Davalı taraf davacı ile arasındaki akdi ilişkiyi inkar etmemiş, satın aldığı malları yurtdışındaki kendi alıcısına gönderdiğini ve yurtdışındaki alıcı tarafından malların hasarlı ve ayıplı olduğu yönünde ihbarda bulunulup reklamasyon(mal bedelinden tenkis) faturası gönderildiğini bildirmiş, ayıbın ispatı yönünden ise tanık beyanına dayanmıştır.
6762 sayılı TTK"nın 25.maddesinde ayıp ihbarına yönelik olarak herhangi bir şekil şartı öngörülmemiş ise de tarafların tacir olduğu dikkate alındığında ayıp ihbarının aynı yasanın 20/3 maddesinde öngörülen biçimde yapılması gerekir. Bu konuda karşı tarafın açık muvafakati olmadan tanık dinlenemez. Bu nedenle davacının açıkça muvafakat etmemesine rağmen mahkemece ayıp ihbarına yönelik olarak tanık dinlenmesi ve ayıp ihbarının süresinde yapıldığının kabulü isabetsizdir.
Öte yandan her zaman düzenlenebilecek nitelikte olan ve davalının yurtdışındaki alıcısı tarafından gönderildiği ileri sürülen reklamasyon faturası tek başına malların ayıplı olduğunun kanıtı olarak kabul edilemez.
Mahkemece açıklanan hususlar gözetilmeden bir kısım malların ayıplı olduğu ve ayıp ihbarının süresinde yapıldığı gerekçesiyle delil takdirinde hataya düşülerek yazılı şekilde karar verilmesi doğru görülmemiştir.
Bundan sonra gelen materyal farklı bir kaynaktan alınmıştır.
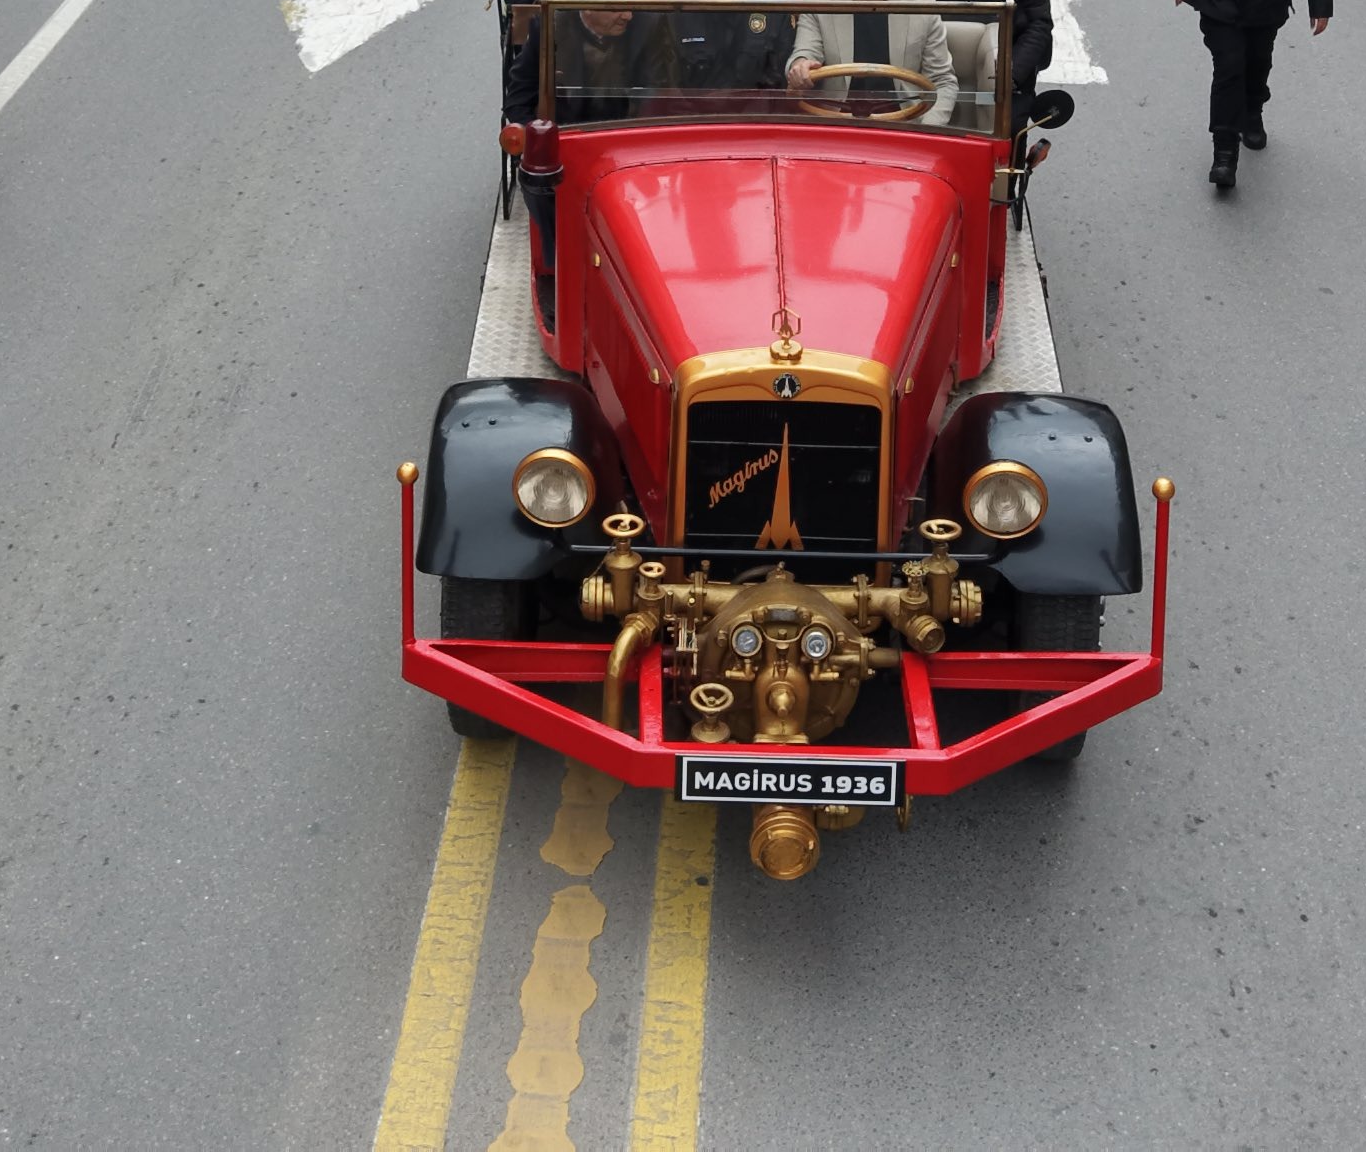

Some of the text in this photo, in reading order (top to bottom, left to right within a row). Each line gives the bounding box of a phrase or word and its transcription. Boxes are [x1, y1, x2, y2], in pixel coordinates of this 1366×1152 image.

[707, 447, 780, 512] Magirus
[693, 768, 886, 795] MAGİRUS 1936
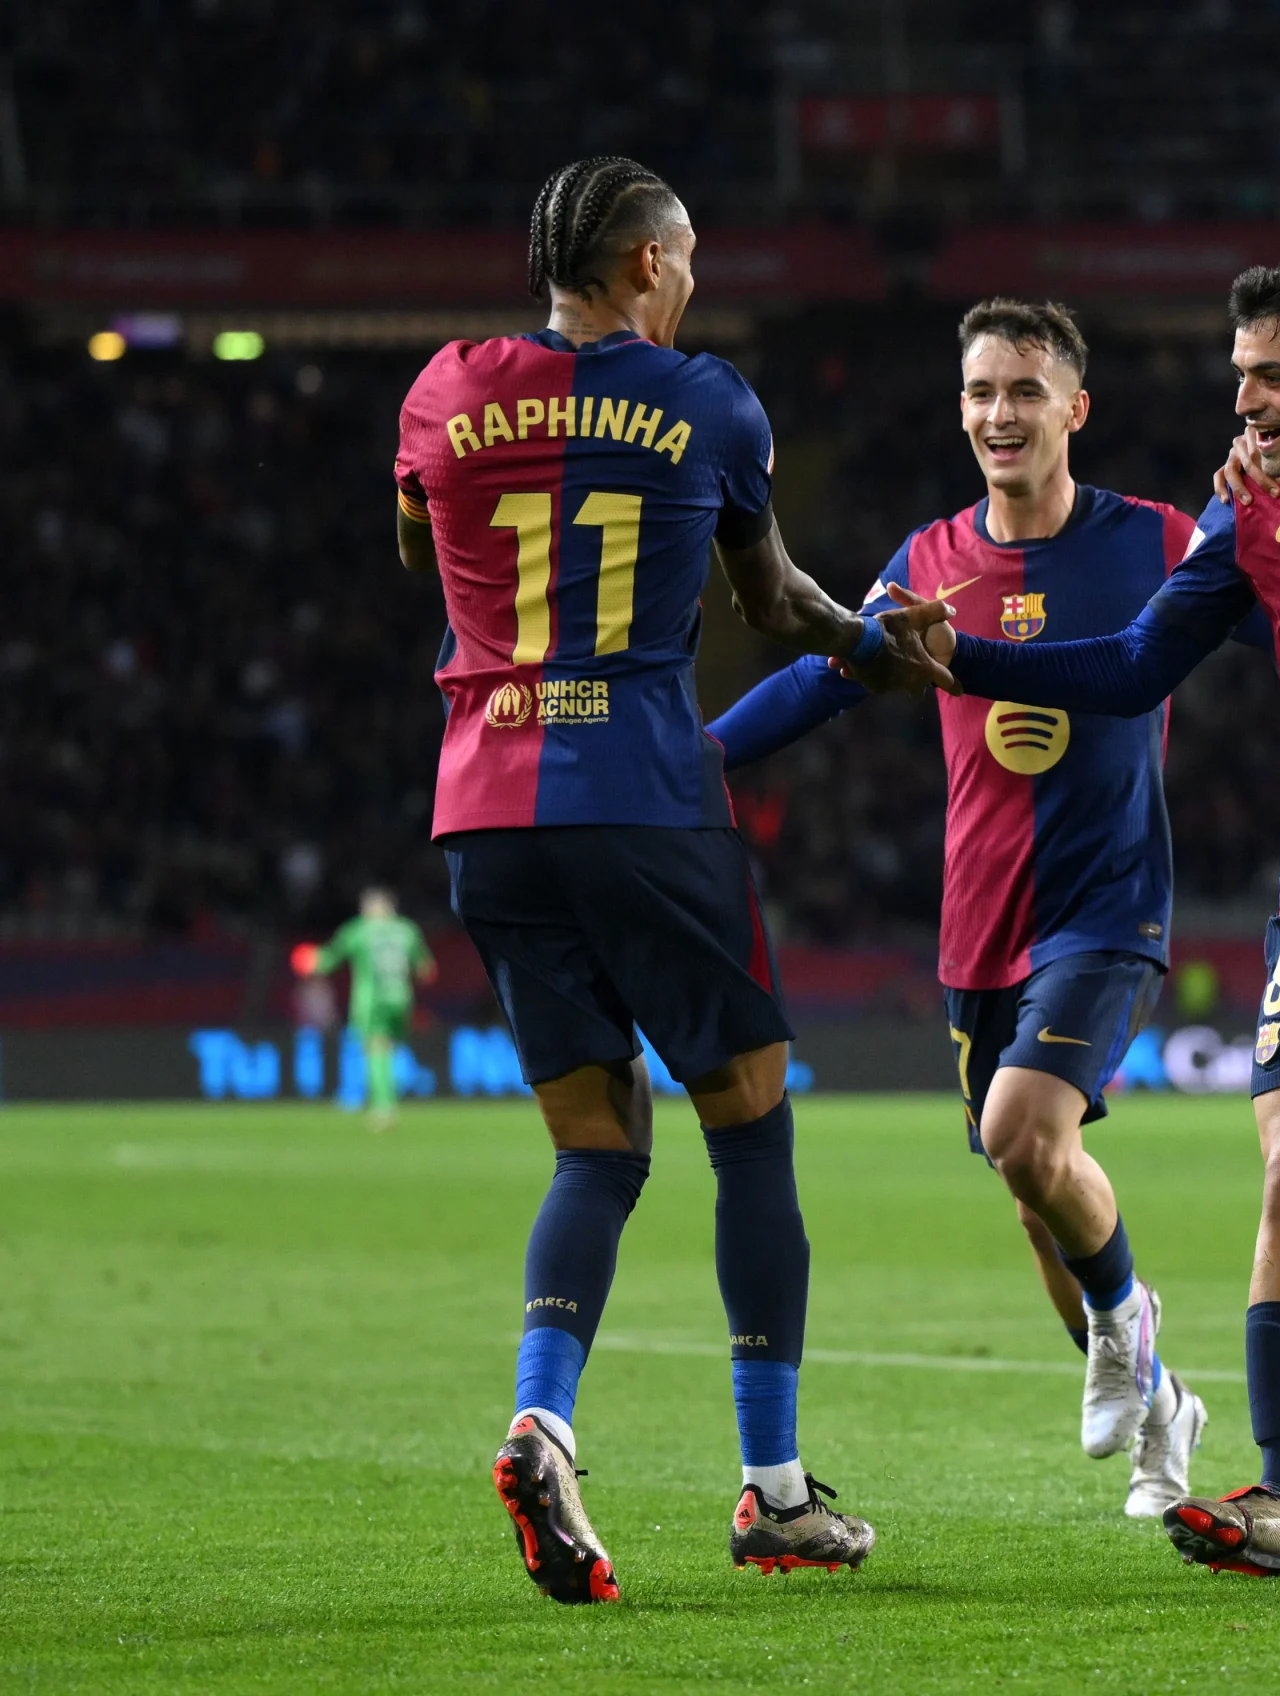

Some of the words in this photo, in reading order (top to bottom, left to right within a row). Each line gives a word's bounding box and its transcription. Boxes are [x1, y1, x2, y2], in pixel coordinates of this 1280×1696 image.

SONUÇ: Yukarıda açıklanan nedenlerle hükmün davacı yararına BOZULMASINA, bozma nedenine göre davacı vekilinin öteki, davalı vekilinin tüm temyiz itirazlarının şimdilik incelenmesine yer olmadığına, peşin harcın istek halinde iadesine, 10.02.2014 gününde oybirliğiyle karar verildi.